Dataset entries below:
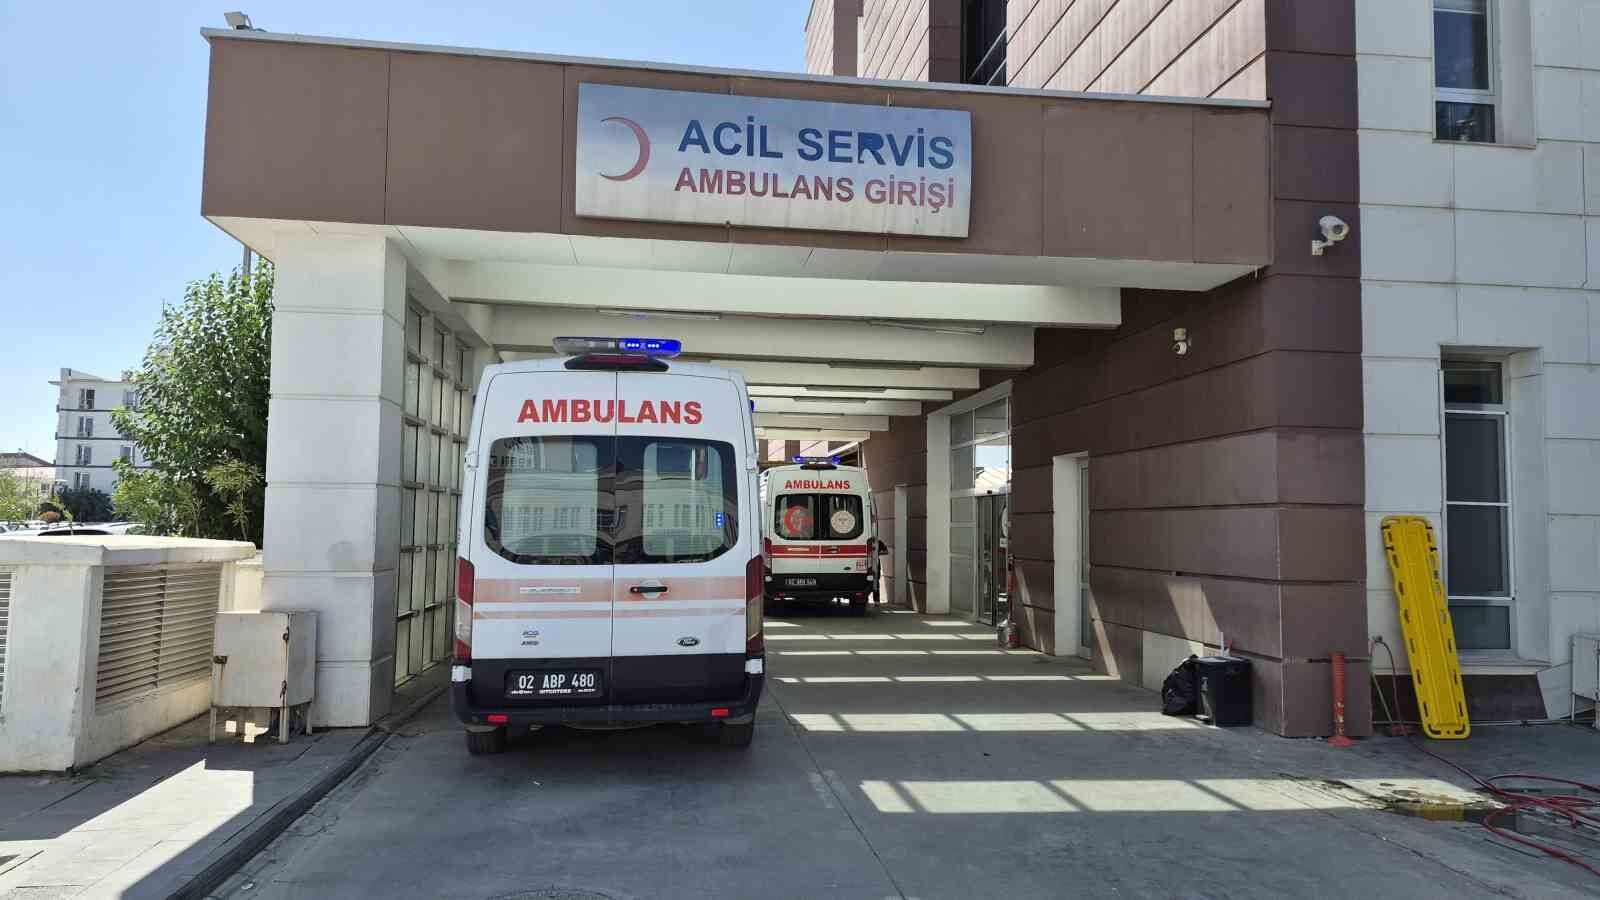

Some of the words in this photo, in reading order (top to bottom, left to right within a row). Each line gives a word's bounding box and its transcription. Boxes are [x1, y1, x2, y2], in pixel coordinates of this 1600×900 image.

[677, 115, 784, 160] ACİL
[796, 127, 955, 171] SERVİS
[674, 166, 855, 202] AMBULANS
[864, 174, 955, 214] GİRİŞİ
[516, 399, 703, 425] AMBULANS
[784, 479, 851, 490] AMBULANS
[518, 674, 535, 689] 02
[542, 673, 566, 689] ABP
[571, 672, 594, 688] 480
End of Dataset entries.
# [Work required]
Copy out all of the listing word for word, but skip the images.

# [Completed task]
Some of the words in this photo, in reading order (top to bottom, left to right within a row). Each line gives a word's bounding box and its transcription. Boxes are [x1, y1, x2, y2], in pixel coordinates of this 1600×900 image.

[677, 115, 784, 160] ACİL
[796, 127, 955, 171] SERVİS
[674, 166, 855, 202] AMBULANS
[864, 174, 955, 214] GİRİŞİ
[516, 399, 703, 425] AMBULANS
[784, 479, 851, 490] AMBULANS
[518, 674, 535, 689] 02
[542, 673, 566, 689] ABP
[571, 672, 594, 688] 480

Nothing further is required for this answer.